I'm the late in life conversion to Islam and the name change which everyone ignored, both likely to be glossed over or left out altogether.
Let's be the upcoming Sinéad O’Connor biopic
by Anonymous | reply 15 | August 16, 2025 3:21 PM |
Not everyone needs a biopic, Hollywood. Jesus.
by Anonymous | reply 2 | August 16, 2025 5:10 AM |
Hi. Can I joke about Jada being cast for the role?
by Anonymous | reply 3 | August 16, 2025 5:14 AM |
I’m “difficult brown”.
by Anonymous | reply 4 | August 16, 2025 5:19 AM |
I'm boyfriend Peter Gabriel, sliding a handwritten note under the bedroom door to let Sinead know that he's about to go on a date with another woman
by Anonymous | reply 5 | August 16, 2025 8:39 AM |
Ella Purcell for Sinead.
Keira Knightley 10 years ago.
by Anonymous | reply 7 | August 16, 2025 8:57 AM |
I'm no man's woman.
by Anonymous | reply 8 | August 16, 2025 9:29 AM |
I'm the weak script since the story isn't suitable for a 90-minute film but the studio figures it will draw enough publicity to maybe get the lead performance an oscar nomination.
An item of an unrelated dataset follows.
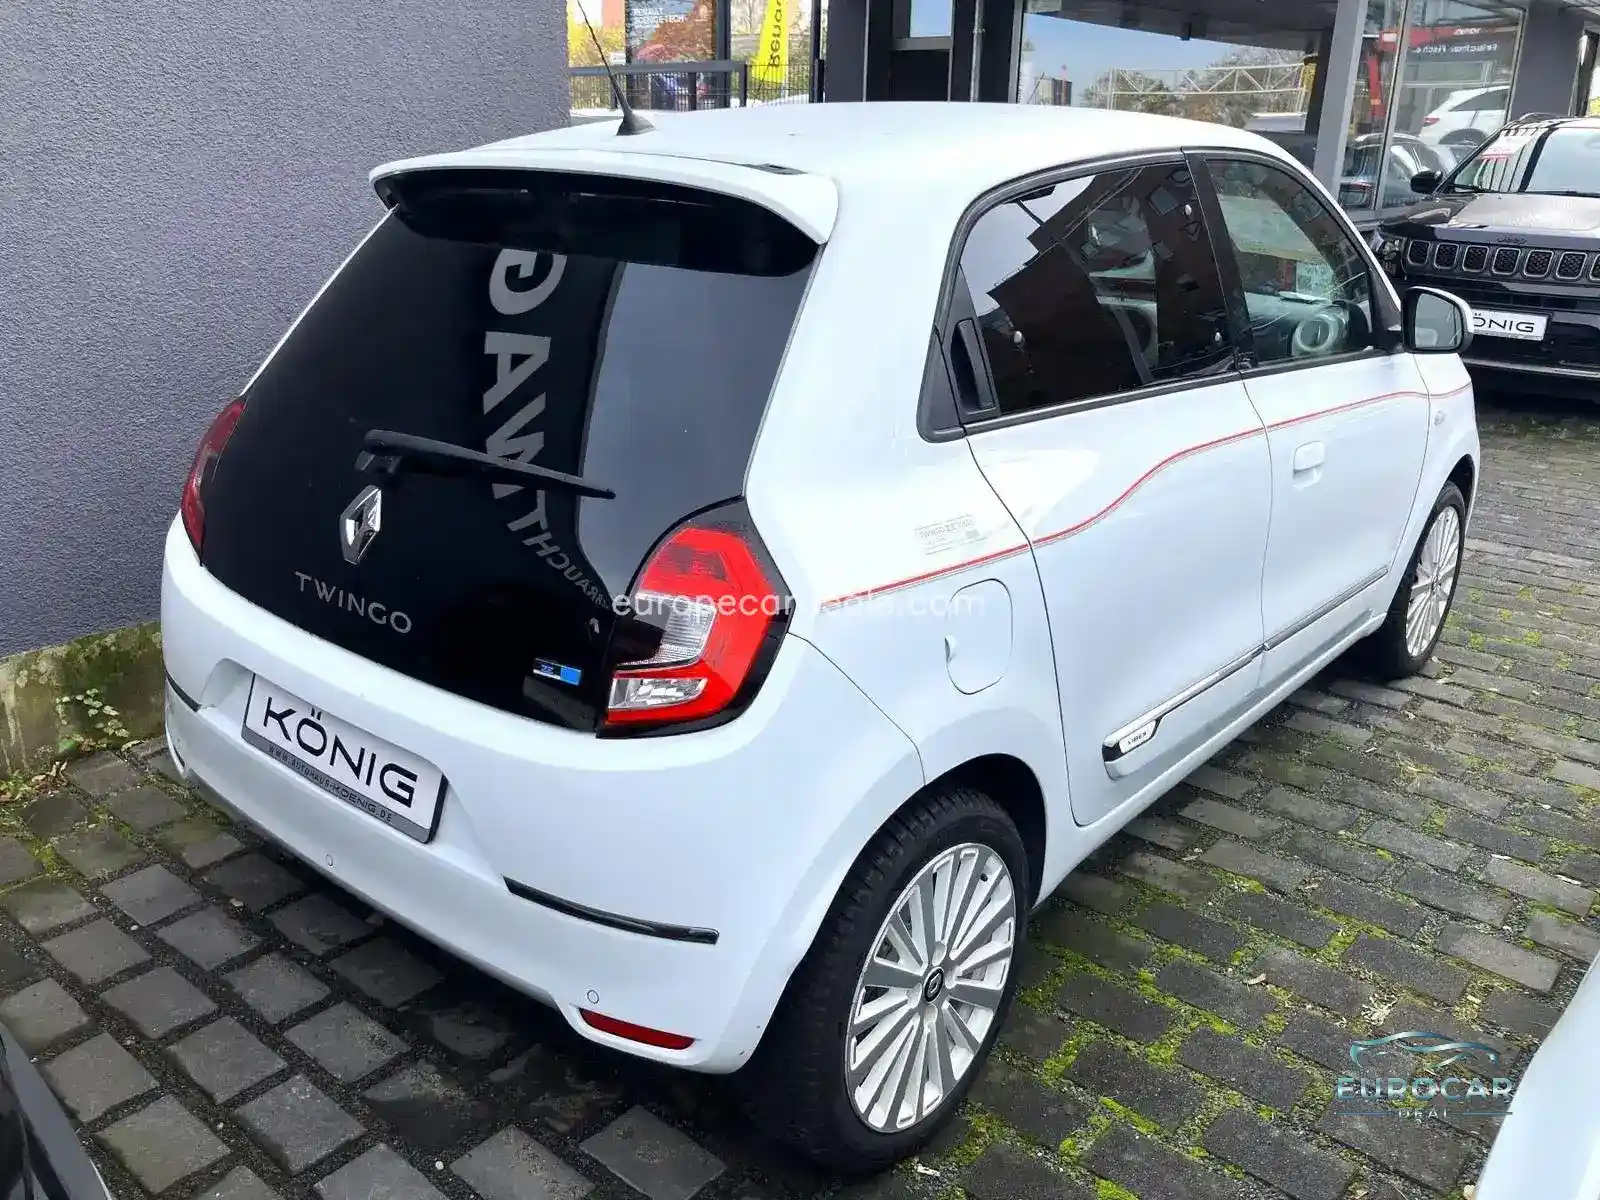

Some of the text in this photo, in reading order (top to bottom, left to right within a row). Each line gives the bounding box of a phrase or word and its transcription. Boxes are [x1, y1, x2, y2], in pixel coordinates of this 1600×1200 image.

by Anonymous | reply 9 | August 16, 2025 9:53 AM |
I'm John Waters, disrobing before a cataclysmic riding.
by Anonymous | reply 10 | August 16, 2025 11:12 AM |
It will be a delightfully tacky new Addams Family romp, starring Jada Pinkett Smith as Uncle Fester.
by Anonymous | reply 11 | August 16, 2025 11:25 AM |
I'm Prince Rogers Nelson, pursuing Sinead through the Hollywood Hills at midnight in his chauffeur-driven purple limo. "GET HER! GET THE BITCH!" scream.
by Anonymous | reply 12 | August 16, 2025 2:26 PM |
* I scream
by Anonymous | reply 13 | August 16, 2025 2:27 PM |
I scream with angry power!
by Anonymous | reply 14 | August 16, 2025 2:49 PM |
I'm Ed Harris as Pope John Paul II, watching SNL in great shock.